E così se ne è andato anche Aldo. Chissà Gpo, chissà Ormezzano che poesia di 250 righe stipatissime tra ricordi impareggiabili e aforismi fulminanti avrebbe scritto in memoria di Agroppi, se fosse ancora tra noi. A loro modo, cioè in modi diversi, due monumenti di brillantezza, arguzia, intelligenza, profondità, sensibilità. Prima uno e poi l’altro, pochi giorni dopo, ed entrambi profondamente del Toro: due bandiere del Toro, uno in campo, l’altro con la penna. Ieri, 2 gennaio: la mezzanotte era passata da mezz’ora. All’ospedale di Piombino il cuore di Agroppi, che già aveva guardato in faccia a lungo la morte nel 2011, colpito da un infarto, si è infine spento. Il battito sempre più flebile. E il silenzio. In queste ultime settimane la polmonite bilaterale lo aveva grandemente, definitivamente indebolito. Il 14 aprile Aldo aveva compiuto 80 anni. Era ricoverato da un mese, il 5 dicembre lo avevano trasportato in rianimazione a Livorno, poi l’ultimo rientro nella sua città. “Ho conosciuto molte città straniere. Nessuna vale la mia Piombino. Siamo appoggiati su una collina e da quassù tutto è pace. Qui sono nato, qui serenamente morirò”. Oppure: “Cercavo, volevo il mio posto della vecchiaia. Ho scelto che la mia seconda vita, quella anonima, fuori dai riflettori, dalla fama, si consumasse nell’adorata Piombino. Dopo tanto peregrinare, la sensazione della vita che ritorna. I vecchi amici che mi amano, anche se la mia pelle non è sempre liscia”. E ancora: “Venite a casa mia e forse mi conoscerete per quello che sono. Però se metterete la fede calcistica nelle vostre uniche considerazioni, fermatevi a dieci o anche a venti metri dalla mia abitazione. Se piacessi a tutti, mi chiamerei Nutella”.
“Più istinto che testa. È il mio carattere”

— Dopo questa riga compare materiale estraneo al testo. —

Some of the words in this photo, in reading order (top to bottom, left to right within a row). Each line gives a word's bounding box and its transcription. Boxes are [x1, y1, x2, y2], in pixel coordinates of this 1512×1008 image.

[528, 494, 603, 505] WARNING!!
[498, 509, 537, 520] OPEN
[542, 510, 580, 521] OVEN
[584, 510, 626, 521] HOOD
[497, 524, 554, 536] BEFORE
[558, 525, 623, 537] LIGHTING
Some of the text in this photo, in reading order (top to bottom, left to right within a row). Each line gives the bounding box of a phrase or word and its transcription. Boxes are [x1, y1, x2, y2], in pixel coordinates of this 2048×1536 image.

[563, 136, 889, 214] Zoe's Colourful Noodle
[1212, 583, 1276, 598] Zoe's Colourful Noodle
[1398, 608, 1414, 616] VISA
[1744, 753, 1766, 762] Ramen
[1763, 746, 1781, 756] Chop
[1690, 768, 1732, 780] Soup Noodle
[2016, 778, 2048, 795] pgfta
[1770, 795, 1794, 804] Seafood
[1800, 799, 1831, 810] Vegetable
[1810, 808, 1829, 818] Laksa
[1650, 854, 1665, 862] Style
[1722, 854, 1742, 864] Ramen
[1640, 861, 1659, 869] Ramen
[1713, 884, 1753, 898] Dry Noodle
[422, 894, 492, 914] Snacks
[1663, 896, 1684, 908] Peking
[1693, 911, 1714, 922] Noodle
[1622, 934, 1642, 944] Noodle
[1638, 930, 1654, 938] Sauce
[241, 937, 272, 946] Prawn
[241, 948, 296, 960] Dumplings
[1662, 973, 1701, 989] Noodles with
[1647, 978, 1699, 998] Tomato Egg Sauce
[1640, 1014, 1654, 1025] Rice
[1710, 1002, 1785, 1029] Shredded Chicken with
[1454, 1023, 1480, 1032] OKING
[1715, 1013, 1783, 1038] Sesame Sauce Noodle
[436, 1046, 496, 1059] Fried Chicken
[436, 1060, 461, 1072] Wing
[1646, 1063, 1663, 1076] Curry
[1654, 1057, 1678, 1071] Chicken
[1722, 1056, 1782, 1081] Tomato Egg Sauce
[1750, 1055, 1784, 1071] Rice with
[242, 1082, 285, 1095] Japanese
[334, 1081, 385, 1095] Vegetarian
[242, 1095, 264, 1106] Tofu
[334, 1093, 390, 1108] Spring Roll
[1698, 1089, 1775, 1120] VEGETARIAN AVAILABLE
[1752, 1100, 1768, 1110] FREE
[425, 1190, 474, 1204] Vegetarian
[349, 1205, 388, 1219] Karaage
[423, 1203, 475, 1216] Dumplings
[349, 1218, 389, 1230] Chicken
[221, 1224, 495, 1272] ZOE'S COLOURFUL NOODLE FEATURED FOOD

Invece il suo soprannome era Cotenna. Questi messaggi che avete appena letto sono riflessioni intime che Aldo aveva inviato via whatsapp poco più di un mese fa alla moglie di Angelo Cereser, la signora Lorenza, con cui da tanto tempo aveva cominciato un carteggio profondo nei concetti e poeticamente raffinato. Lo sapete: Angelo e Aldo, compagni assieme nel Toro per una vita, erano anche profondamente amici, da una vita. E da una vita erano profondamente amiche anche le famiglie. Le mogli, i figli. Lorenza e un altro amico di Agroppi, Franco Carena, erano riusciti a convincere Aldo a creare uno zibaldone con quei componimenti poetici a sfondo esistenziale. Franco ne aveva realizzato un libro un anno fa, un bel po’ di copie, che poi Aldo aveva regalato agli amici veri. Lo avevamo presentato, ne avevamo parlato su Tuttosport ad aprile: la sua ultima intervista qui, il giorno dell’80° compleanno. Ci aveva detto: “Ho affrontato la vita a muso duro, come cantava Pierangelo Bertoli. Nella vita sono andato avanti più con l’istinto che col ragionamento e tante volte l’ho pagata. Ma il mio carattere è questo”. La sua inesauribile vis polemica, l’antijuventinismo per definizione (che poi gli fece perdere anche importanti palcoscenici da commentatore in tv), ma anche quella faccia invisibile della Luna che Aldo portava nell’anima come un fiume carsico: la depressione che lo colpì in specie durante gli anni da allenatore, minandone la carriera nonostante i successi ottenuti a Pisa, Perugia, Firenze (ma anche feroci contrapposizioni, in viola).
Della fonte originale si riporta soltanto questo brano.